Barb Smith presented the request and said the project’s total cost is $191,542.80 and that roughly $300,000 remains in the Records Improvement Fund. Keith Reynolds of Reynolds Business System, the vendor on the project, told commissioners the work would convert about 2,100,000 pages to PDFA, produce two archival PDFA backup sets and a searchable “user copy” for staff and the public. “That would be 2 sets of PHMC compliant PDFs, 1 to be stored off-site and 1 to be stored on a server here at the county,” Reynolds said.
Reynolds said his company is a state CoStars vendor with experience working with the Pennsylvania Historical and Museum Commission (PHMC) to meet archival standards. He described the PDFA standard as an archival format intended to preserve documents for long-term readability and explained that PHMC accepted PDFA in place of microfilm storage in recent years.

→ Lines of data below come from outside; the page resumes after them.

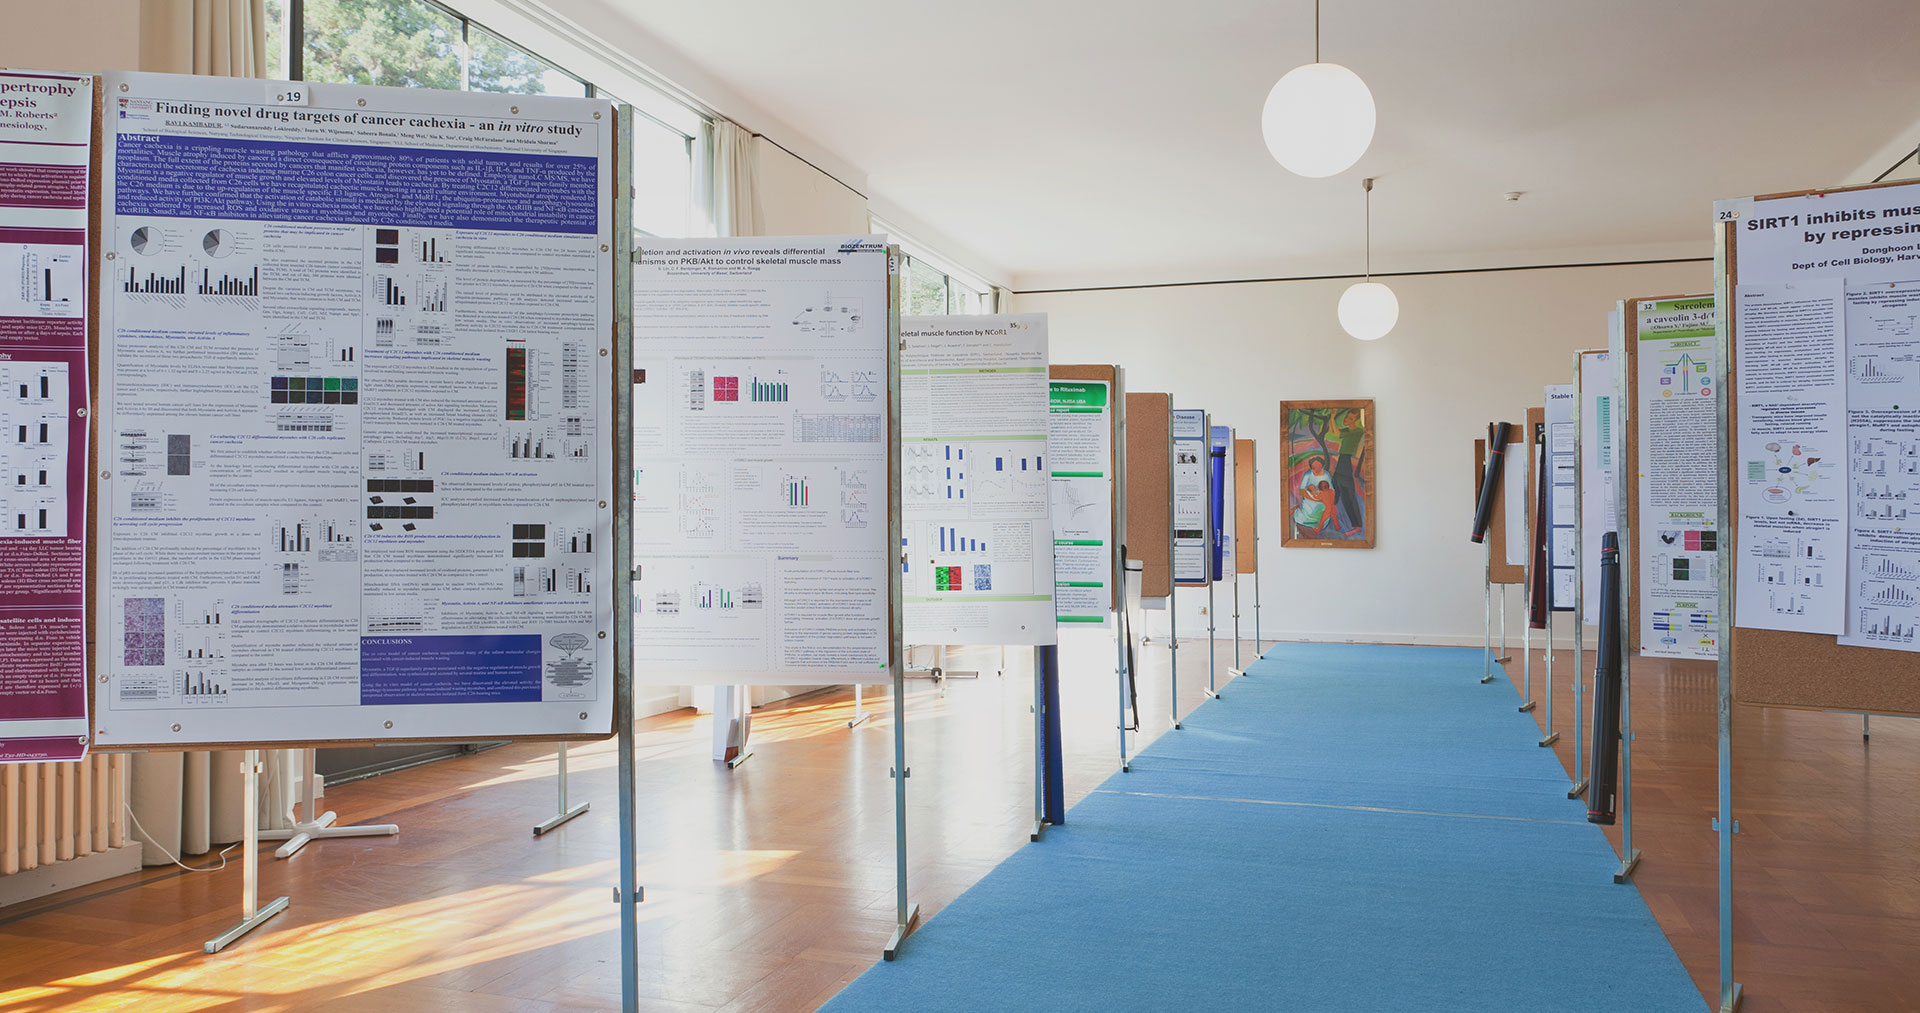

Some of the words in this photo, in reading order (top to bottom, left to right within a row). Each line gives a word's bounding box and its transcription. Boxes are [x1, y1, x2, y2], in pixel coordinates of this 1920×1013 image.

[0, 97, 37, 109] epsis
[287, 92, 301, 101] 19
[156, 102, 210, 118] Finding
[215, 107, 251, 118] novel
[256, 108, 289, 122] drug
[294, 111, 340, 124] targets
[344, 113, 358, 123] of
[361, 116, 406, 126] cancer
[410, 118, 465, 129] cachexia
[479, 122, 494, 131] an
[499, 121, 511, 131] in
[516, 122, 543, 133] vitro
[548, 125, 582, 138] study
[192, 145, 220, 154] crippling
[250, 148, 274, 156] wasting
[278, 149, 309, 158] pathology
[352, 153, 395, 162] approximately
[426, 156, 449, 164] patients
[183, 151, 207, 159] atrophy
[354, 159, 387, 168] circulating
[389, 161, 410, 169] protein
[412, 162, 449, 171] components
[548, 168, 575, 177] produced
[1720, 211, 1732, 219] 24
[1747, 215, 1799, 231] SIRT1
[1806, 209, 1876, 225] inhibits
[1883, 206, 1920, 218] mus
[1804, 231, 1825, 244] by
[1832, 222, 1920, 241] repressin
[1862, 246, 1913, 254] Donghoon
[1654, 314, 1689, 323] caveolin
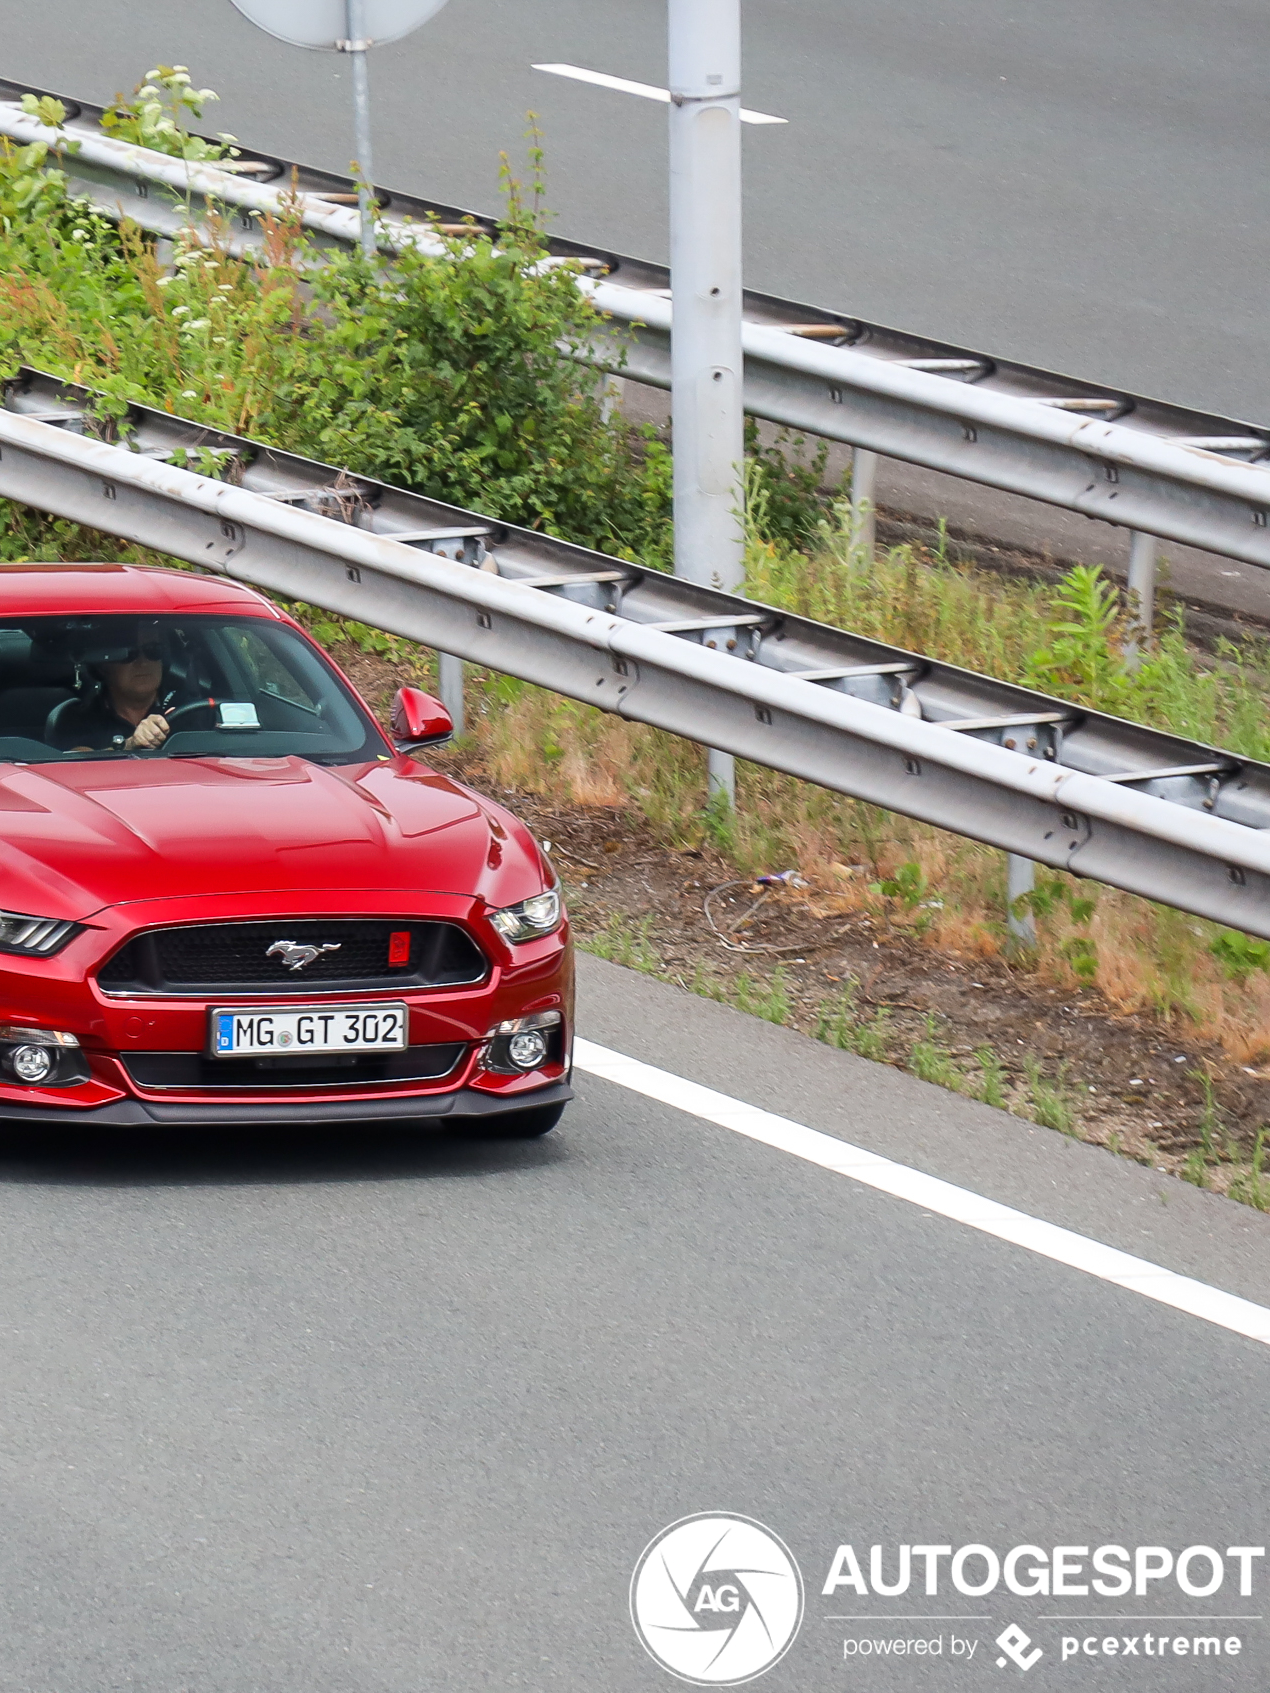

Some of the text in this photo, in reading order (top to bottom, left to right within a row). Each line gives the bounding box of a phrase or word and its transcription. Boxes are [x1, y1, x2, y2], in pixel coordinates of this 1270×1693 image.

[236, 1013, 398, 1047] MG GT 302
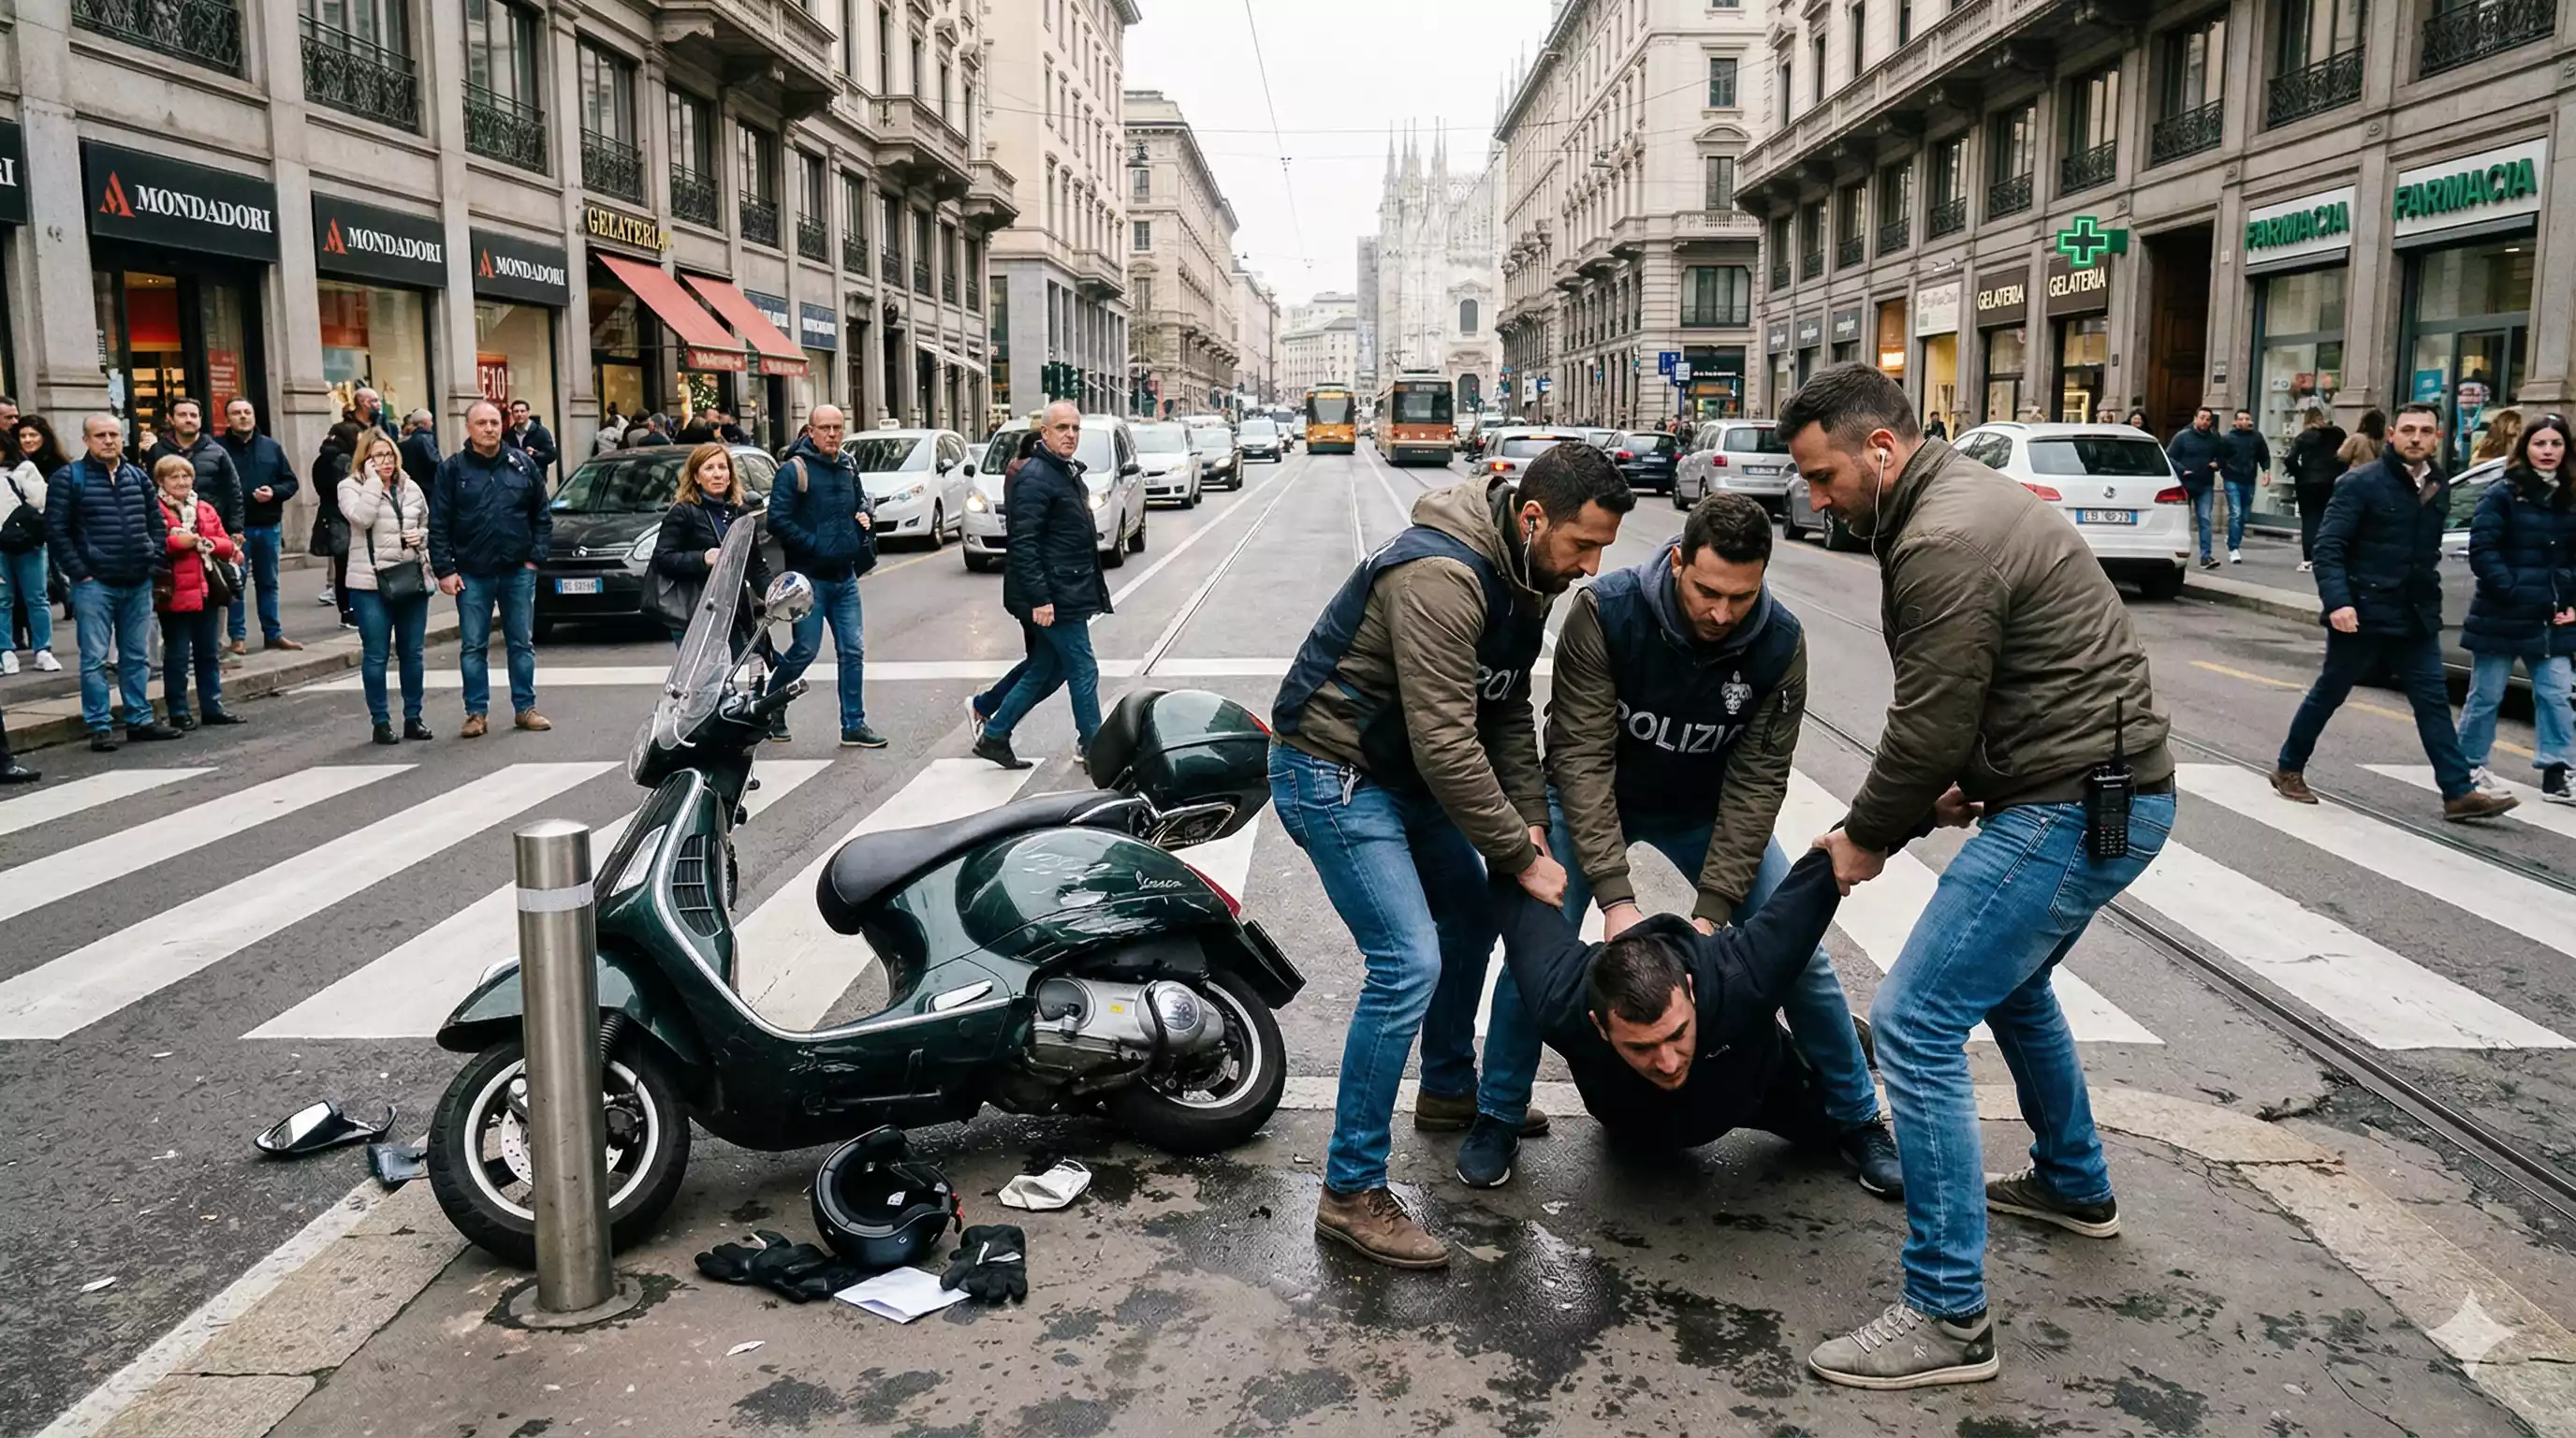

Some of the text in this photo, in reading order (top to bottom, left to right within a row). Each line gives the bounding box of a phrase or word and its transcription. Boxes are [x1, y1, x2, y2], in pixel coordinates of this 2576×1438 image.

Commissioners asked where existing records were stored and whether PHMC already held duplicates. County staff said some records had been stored at Iron Mountain, but the county had arranged for PHMC to hold backup copies at no cost, and that the scanned PDFA master and an off-site backup would meet PHMC requirements. Commissioners also asked whether scanned files would be researchable on the county website; staff and the vendor said a searchable user copy would be created for online retrieval while the two PDFA copies would remain archival backups.
A motion to approve the $180,000 request carried on a voice vote. The vendor said material lead time and PHMC compliance were part of the project timeline; commissioners authorized moving forward with procurement and implementation steps.
Next steps: staff will finalize contract terms with the vendor and proceed with scanning and PDFA conversion under PHMC guidance; portions of the project will be funded from the Records Improvement Fund and the remaining funds will be managed per the approved budget.